▶ _Directions for this task_: Set down each line of the data exactly, but not the pictures.

▶ _Phrase grounding data_:
----
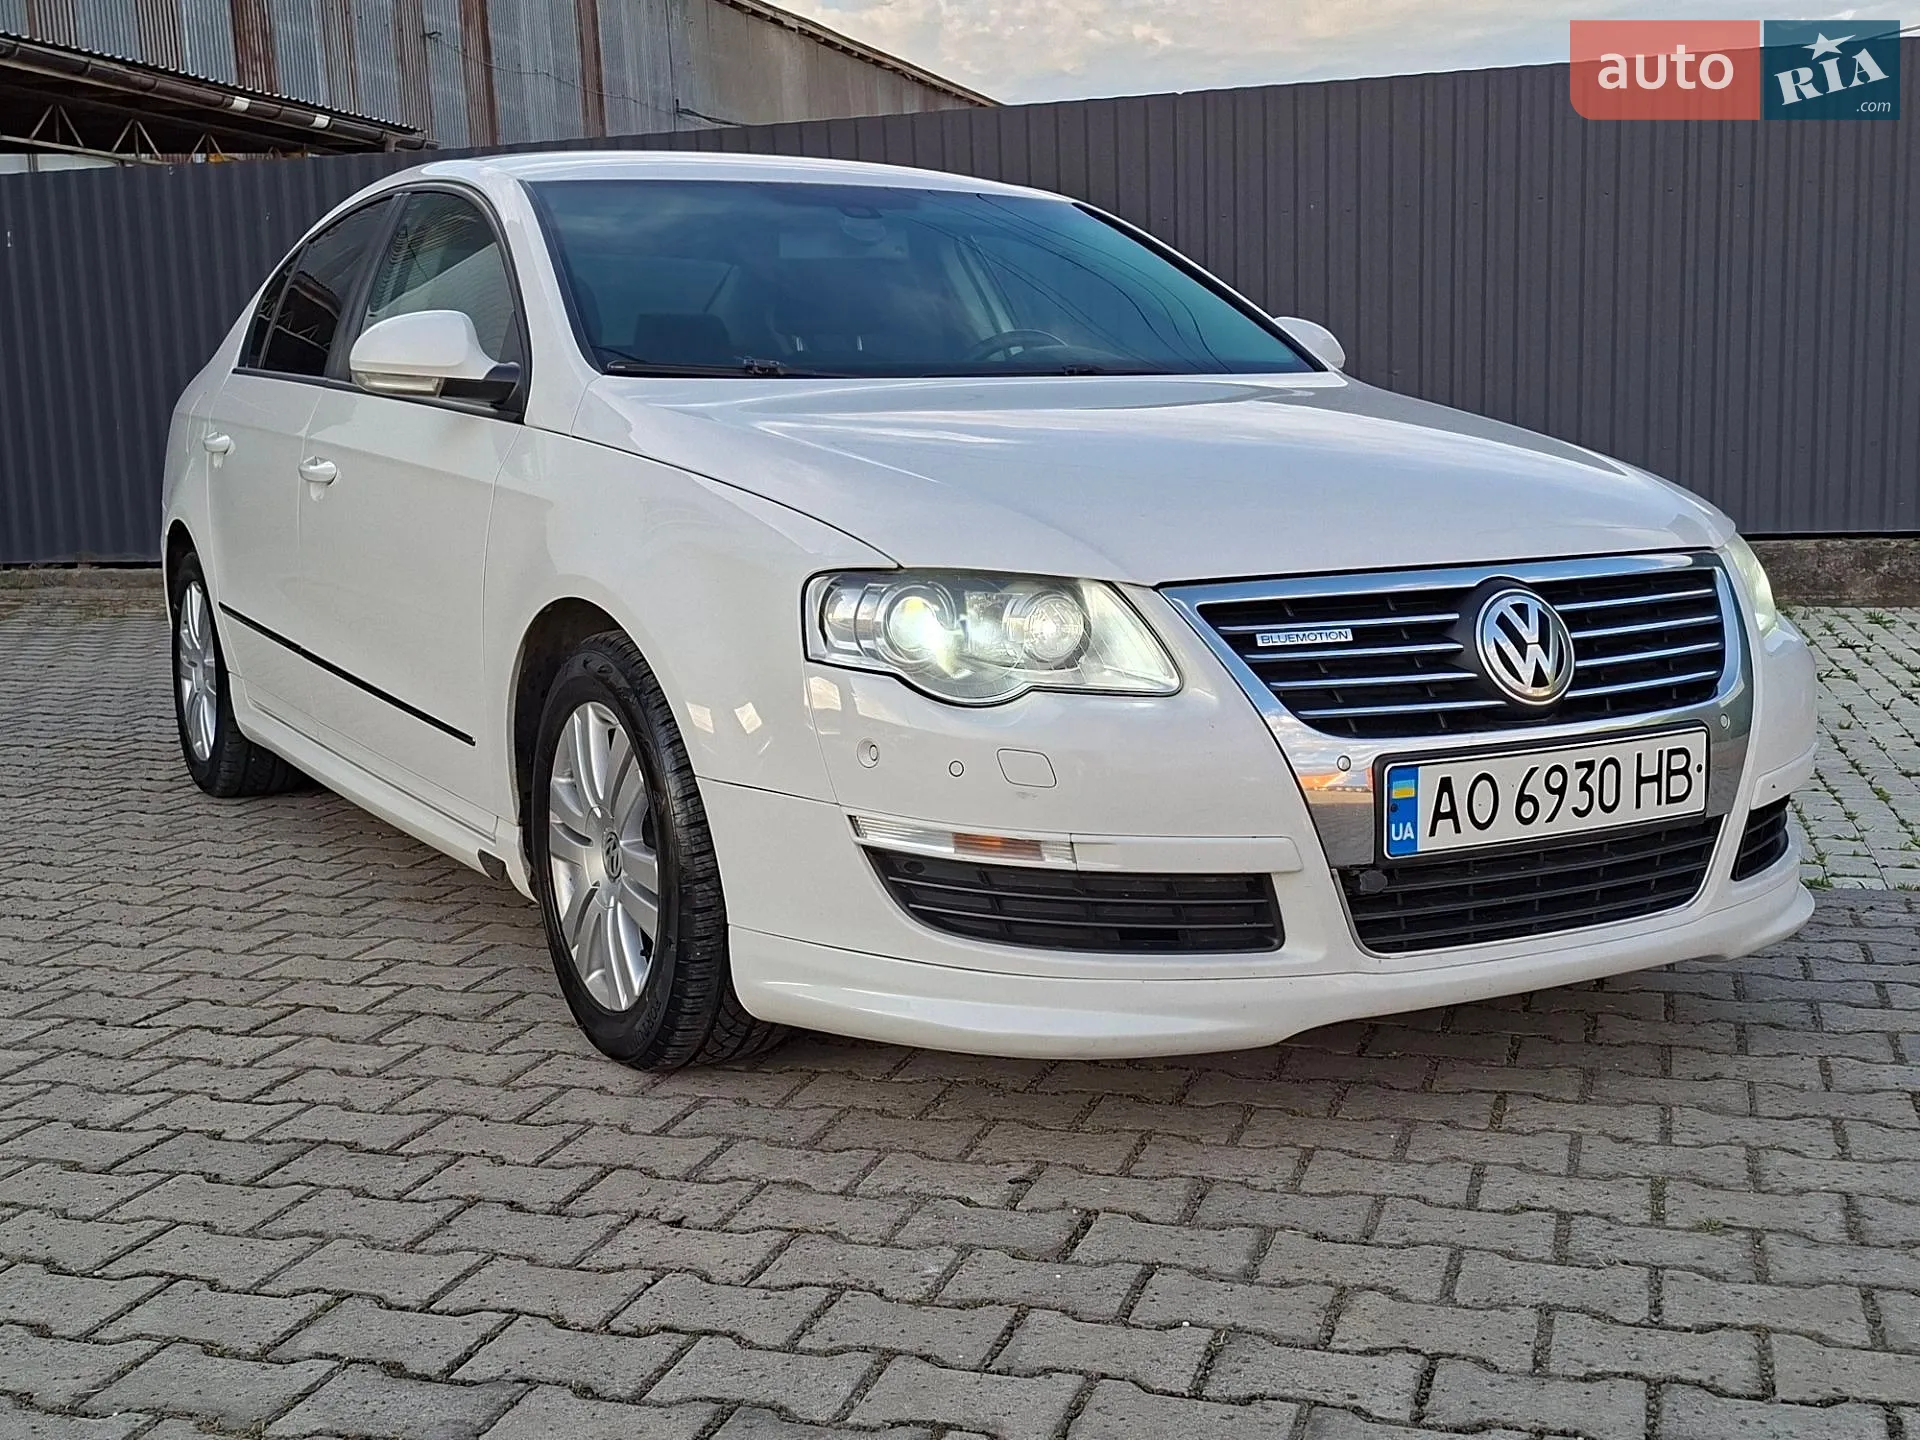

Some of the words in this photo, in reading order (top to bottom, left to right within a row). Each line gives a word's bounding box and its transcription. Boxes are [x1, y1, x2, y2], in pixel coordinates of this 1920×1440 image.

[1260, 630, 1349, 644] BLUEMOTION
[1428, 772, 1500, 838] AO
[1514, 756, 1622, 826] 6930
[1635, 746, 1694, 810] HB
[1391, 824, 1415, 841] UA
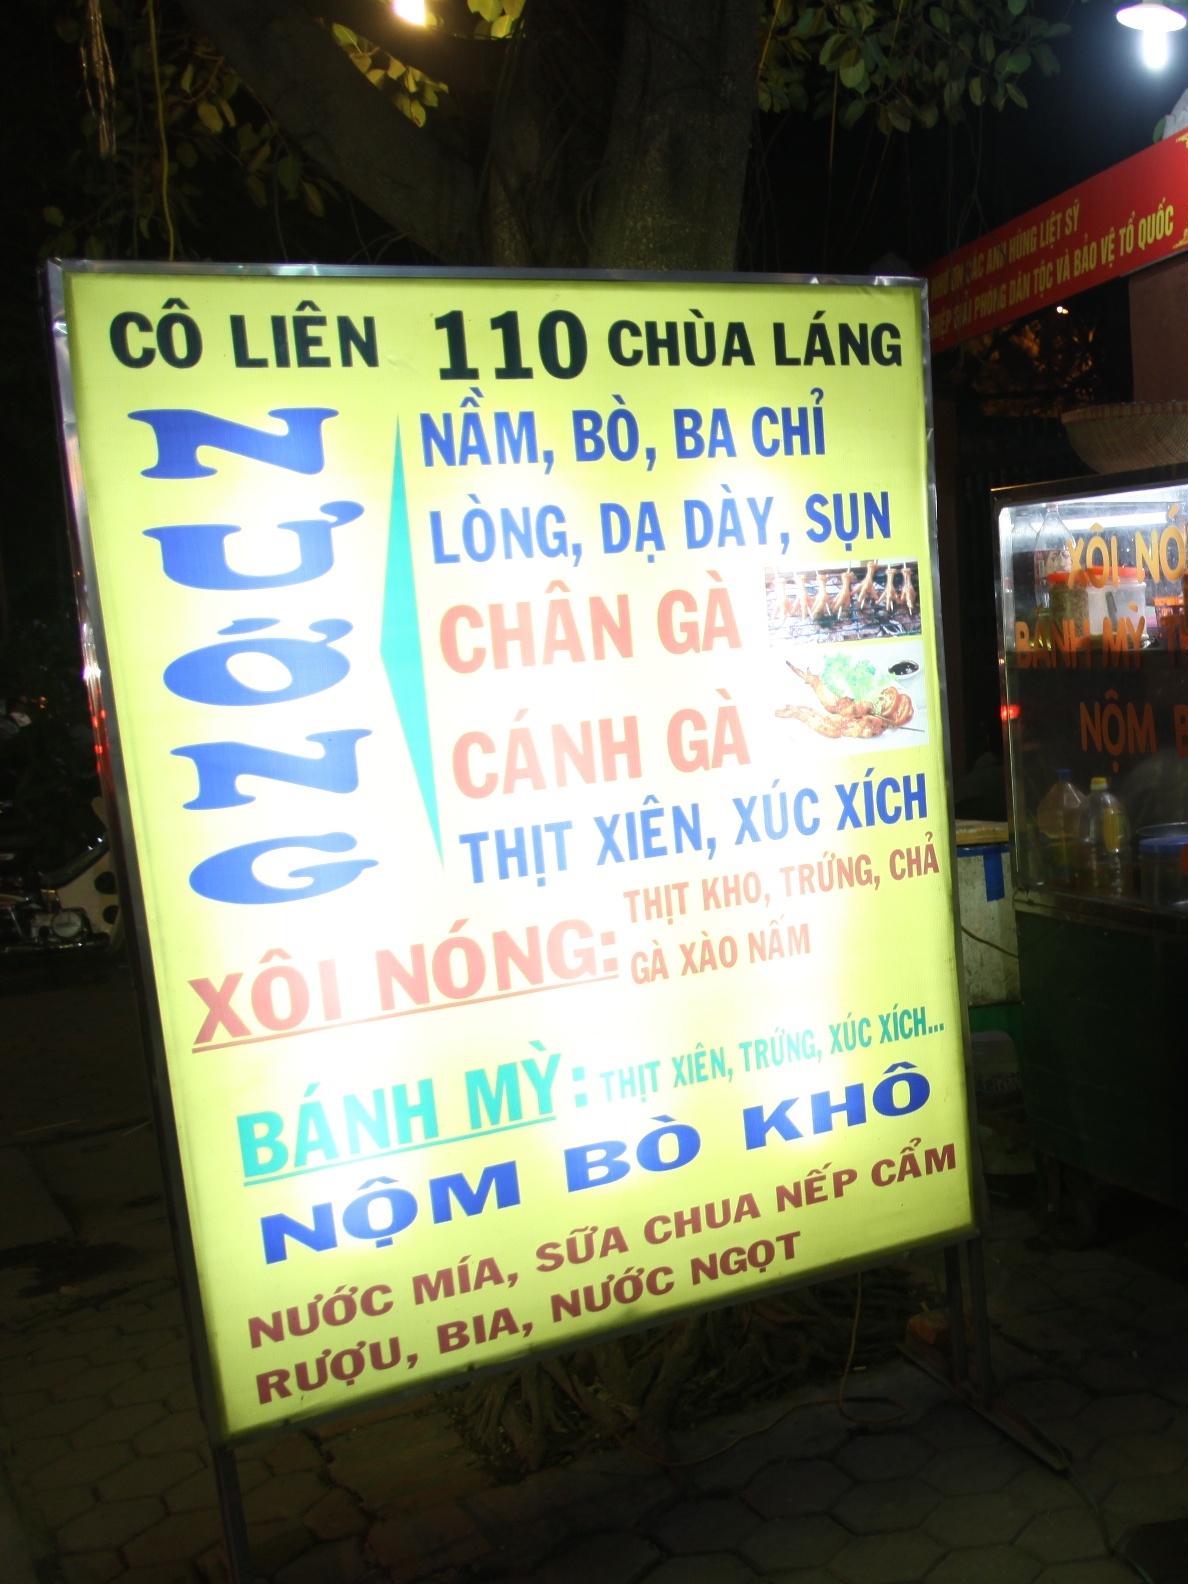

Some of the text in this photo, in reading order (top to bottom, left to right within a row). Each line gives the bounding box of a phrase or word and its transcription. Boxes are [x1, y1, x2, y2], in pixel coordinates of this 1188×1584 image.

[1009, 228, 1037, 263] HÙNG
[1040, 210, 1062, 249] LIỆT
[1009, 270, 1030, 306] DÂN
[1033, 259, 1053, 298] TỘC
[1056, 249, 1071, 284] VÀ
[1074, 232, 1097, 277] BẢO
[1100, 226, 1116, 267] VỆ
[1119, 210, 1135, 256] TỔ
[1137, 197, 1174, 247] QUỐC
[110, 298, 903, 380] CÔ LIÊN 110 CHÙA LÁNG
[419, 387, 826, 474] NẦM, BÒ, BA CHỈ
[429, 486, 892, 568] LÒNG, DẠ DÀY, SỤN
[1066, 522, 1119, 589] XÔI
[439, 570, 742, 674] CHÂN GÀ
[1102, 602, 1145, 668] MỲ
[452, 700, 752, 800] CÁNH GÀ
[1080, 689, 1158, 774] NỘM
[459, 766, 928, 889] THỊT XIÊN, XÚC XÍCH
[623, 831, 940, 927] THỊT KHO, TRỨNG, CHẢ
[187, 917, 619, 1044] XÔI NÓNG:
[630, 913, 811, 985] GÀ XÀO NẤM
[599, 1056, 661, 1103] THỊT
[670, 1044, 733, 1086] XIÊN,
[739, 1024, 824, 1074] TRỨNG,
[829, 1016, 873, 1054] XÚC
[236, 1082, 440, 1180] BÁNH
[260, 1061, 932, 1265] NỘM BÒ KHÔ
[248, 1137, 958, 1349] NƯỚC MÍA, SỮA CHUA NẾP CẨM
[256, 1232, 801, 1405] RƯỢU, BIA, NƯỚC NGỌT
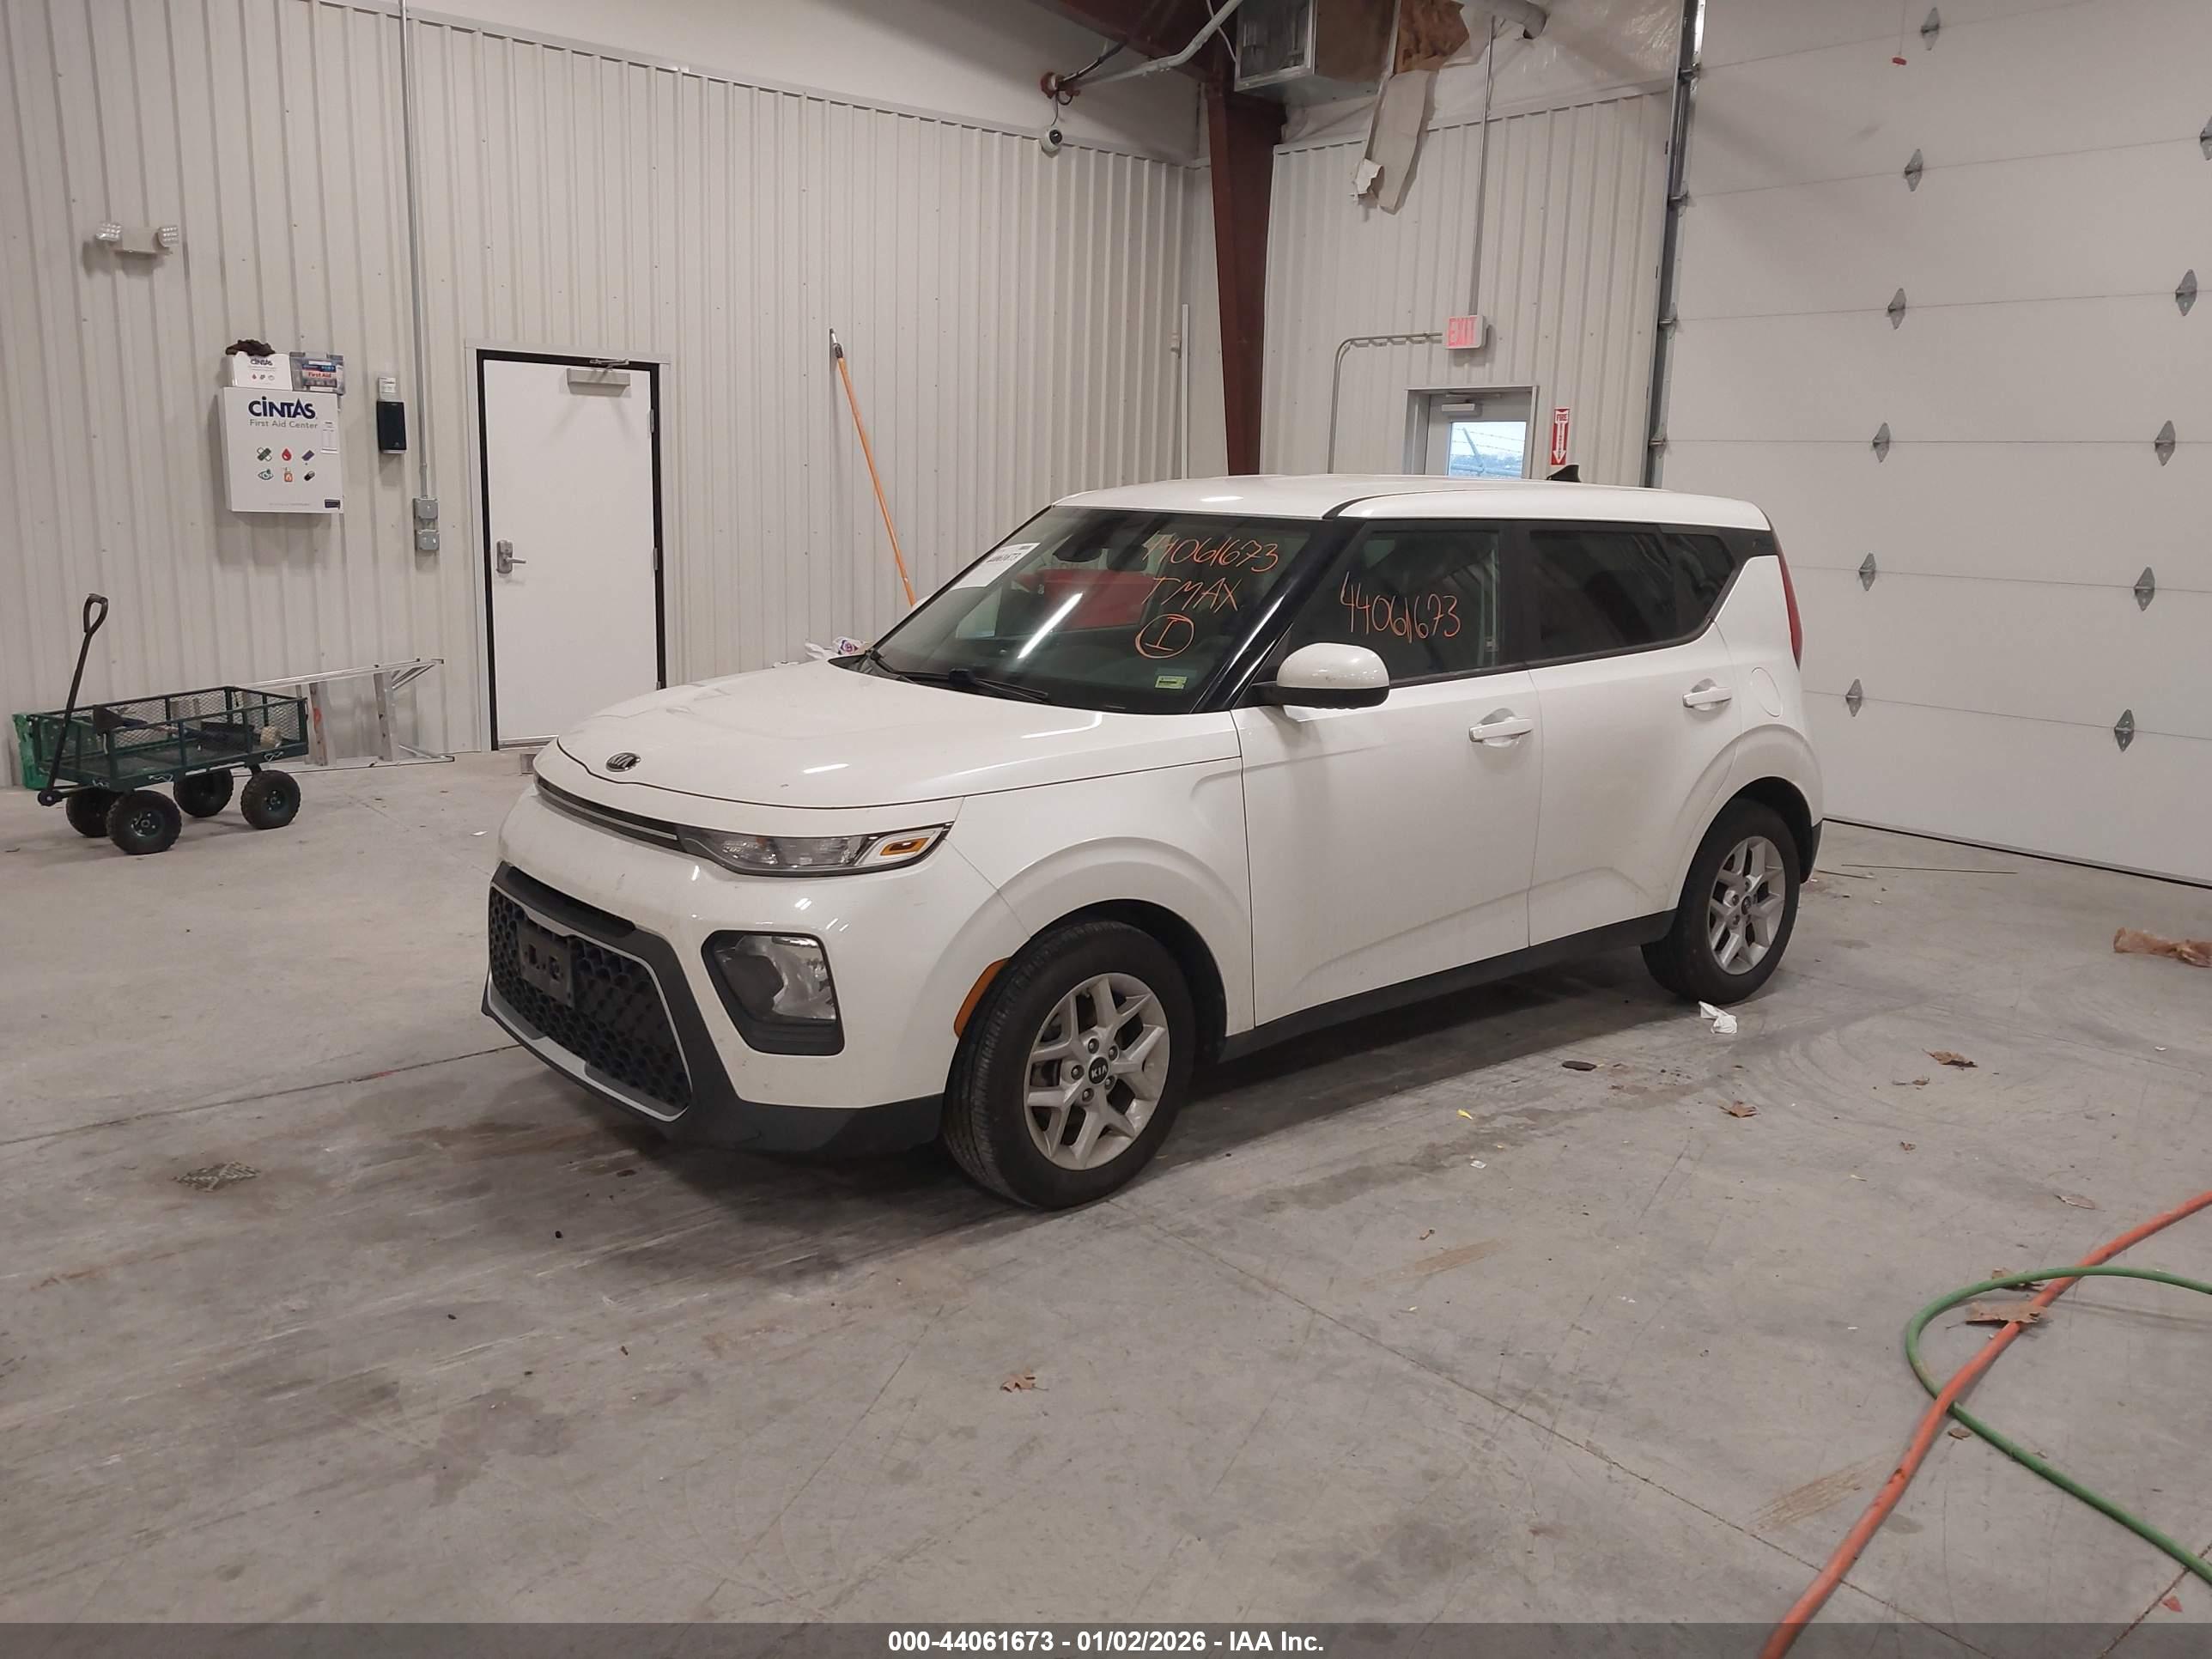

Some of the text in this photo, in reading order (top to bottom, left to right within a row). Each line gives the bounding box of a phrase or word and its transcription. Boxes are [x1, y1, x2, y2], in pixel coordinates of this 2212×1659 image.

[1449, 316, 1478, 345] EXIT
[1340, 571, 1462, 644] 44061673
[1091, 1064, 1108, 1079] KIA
----
▶ _Solution to this problem_:
Some of the words in this photo, in reading order (top to bottom, left to right within a row). Each line gives a word's bounding box and its transcription. Boxes are [x1, y1, x2, y2], in pixel coordinates of this 1920×1440 image.

[1260, 630, 1349, 644] BLUEMOTION
[1428, 772, 1500, 838] AO
[1514, 756, 1622, 826] 6930
[1635, 746, 1694, 810] HB
[1391, 824, 1415, 841] UA

Some of the text in this photo, in reading order (top to bottom, left to right within a row). Each line gives the bounding box of a phrase or word and its transcription. Boxes are [x1, y1, x2, y2], in pixel coordinates of this 1188×1584 image.

[1009, 228, 1037, 263] HÙNG
[1040, 210, 1062, 249] LIỆT
[1009, 270, 1030, 306] DÂN
[1033, 259, 1053, 298] TỘC
[1056, 249, 1071, 284] VÀ
[1074, 232, 1097, 277] BẢO
[1100, 226, 1116, 267] VỆ
[1119, 210, 1135, 256] TỔ
[1137, 197, 1174, 247] QUỐC
[110, 298, 903, 380] CÔ LIÊN 110 CHÙA LÁNG
[419, 387, 826, 474] NẦM, BÒ, BA CHỈ
[429, 486, 892, 568] LÒNG, DẠ DÀY, SỤN
[1066, 522, 1119, 589] XÔI
[439, 570, 742, 674] CHÂN GÀ
[1102, 602, 1145, 668] MỲ
[452, 700, 752, 800] CÁNH GÀ
[1080, 689, 1158, 774] NỘM
[459, 766, 928, 889] THỊT XIÊN, XÚC XÍCH
[623, 831, 940, 927] THỊT KHO, TRỨNG, CHẢ
[187, 917, 619, 1044] XÔI NÓNG:
[630, 913, 811, 985] GÀ XÀO NẤM
[599, 1056, 661, 1103] THỊT
[670, 1044, 733, 1086] XIÊN,
[739, 1024, 824, 1074] TRỨNG,
[829, 1016, 873, 1054] XÚC
[236, 1082, 440, 1180] BÁNH
[260, 1061, 932, 1265] NỘM BÒ KHÔ
[248, 1137, 958, 1349] NƯỚC MÍA, SỮA CHUA NẾP CẨM
[256, 1232, 801, 1405] RƯỢU, BIA, NƯỚC NGỌT

Some of the text in this photo, in reading order (top to bottom, left to right within a row). Each line gives the bounding box of a phrase or word and its transcription. Boxes are [x1, y1, x2, y2], in pixel coordinates of this 2212×1659 image.

[1449, 316, 1478, 345] EXIT
[1340, 571, 1462, 644] 44061673
[1091, 1064, 1108, 1079] KIA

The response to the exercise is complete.